In this blog, we will delve into Adevinta Spain’s innovative approach to data lake architecture, focusing on how it effectively meets GDPR compliance while ensuring cost-efficiency. We’ll explore the critical elements of this architecture, including the history layer’s role in data defence, the market layer’s function in data refinement and organisation and the unique strategies employed for security and GDPR compliance. Additionally, we will discuss the challenges of GDPR adherence and how our architecture addresses these through streamlined user rights management, efficient infrastructure maintenance and optimised data storage and transfer. Join us as we uncover the nuances of balancing data privacy regulations with economic practicality in the realm of large-scale data management.

History Layer: The First Line in Data Defence

The history layer acts as the gateway for data in our data lake, typically receiving events through Apache Kafka. Here, a critical operation takes place: as data flows from Kafka, it is stored in Delta Lake format, but with a clear distinction — personally identifiable information (PII) fields are identified and separated as defined in the data contracts for each object.

These fields are channelled into a dedicated master table for analytically valuable PII, while non-PII data is stored in parallel tables.

This modular design facilitates centralised access and management of sensitive data, greatly simplifying the application of GDPR’s “right to be forgotten” rule.

This layer is where “Source Align Data Products” are placed after undergoing the data contract validation process:

Market Layer: Refinement and Organisation (big entities)

Moving to the market layer, events are grouped and refined by domains (big entities) rather than individual entities.

This layer provides the source of truth for Adevinta’s raw data in a domain semantic model format, ensuring integrated and standardised services for security, support, compliance, quality and observability. Essentially, it ensures that data is provided as data products.

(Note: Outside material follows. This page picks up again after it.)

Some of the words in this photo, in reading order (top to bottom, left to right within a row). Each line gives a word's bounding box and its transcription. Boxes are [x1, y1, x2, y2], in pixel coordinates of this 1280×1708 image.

The platform itself will provide these services in an integrated and maintained manner, allowing a smooth transition from dataset publication to data products without additional effort. It will also reduce redundancy and promote organisational and data modelling standardisation.

This step will be done without the need for code or data pipelines, relying on mappings and configurations. The codeless design allows a wider range of data owners or domain experts to include their data in the platform, meeting the required quality and service conditions for a data product.

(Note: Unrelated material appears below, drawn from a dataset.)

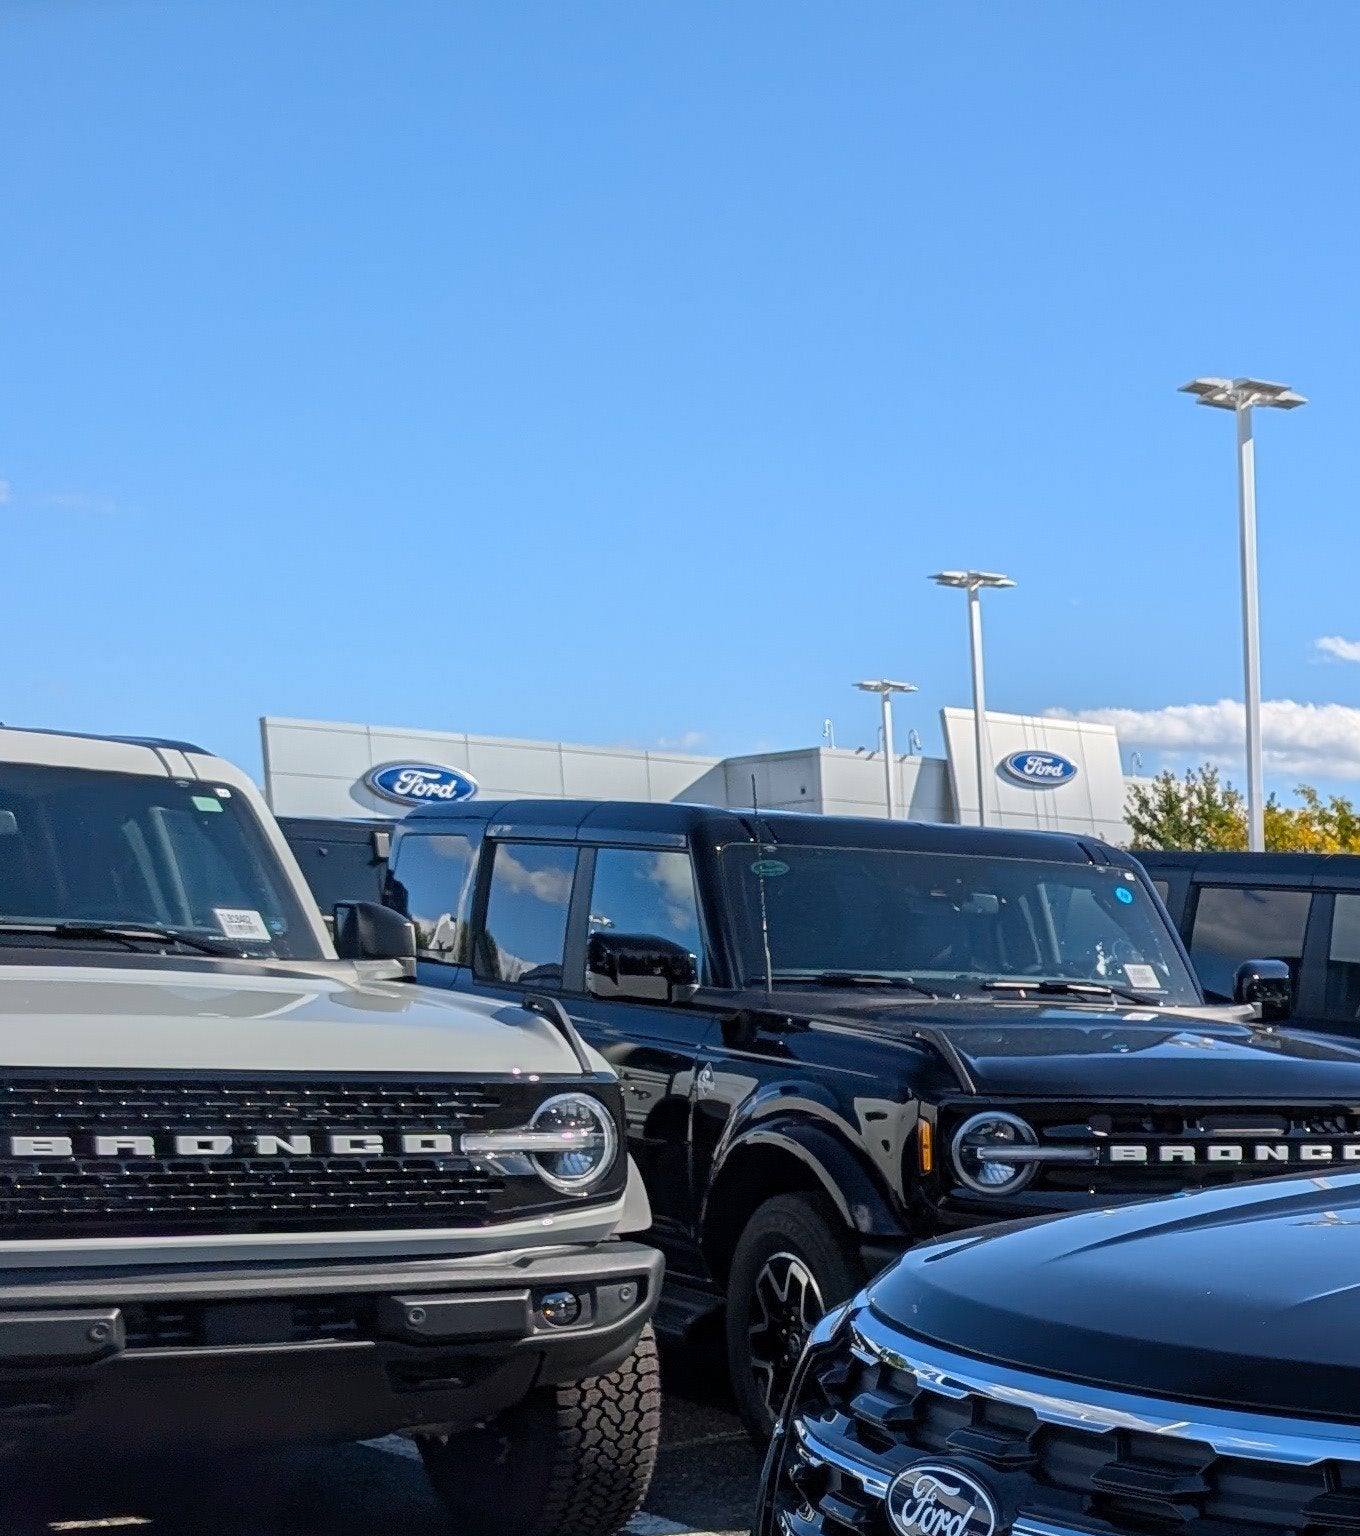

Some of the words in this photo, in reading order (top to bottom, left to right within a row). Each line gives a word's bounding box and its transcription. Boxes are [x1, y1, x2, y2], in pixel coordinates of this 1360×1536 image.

[1024, 755, 1064, 777] Ford
[393, 769, 458, 799] Ford
[10, 1134, 453, 1157] BRONCO

With the design of these big entities, we seek to achieve a balance where we capture the domain details required by producers and consumers, while avoiding an excessively large number of entities.

This domain approach results in a significant reduction in the number of tables and files to handle, optimising storage and simplifying data management. Additionally, incorporating PII fields into a unified column reinforces efficiency and security when handling sensitive information.

Benefits of Fewer Tables and Files

The reduction in the number of tables and files is not just a matter of order; it’s an economic strategy. Fewer tables imply lower storage costs and a notable simplification in data maintenance and optimisation. Query performance optimisation is also simplified. By applying techniques like z-ordering in a concentrated set of tables, the optimisation process becomes more effective. This not only improves query speed but also reduces computational load, resulting in direct savings in processing resources and, consequently, costs.

Security and GDPR Compliance

Security and regulatory compliance are two cornerstones of our architecture. Access controls and continuous monitoring processes ensure privacy protection and GDPR compliance at every stage of data management.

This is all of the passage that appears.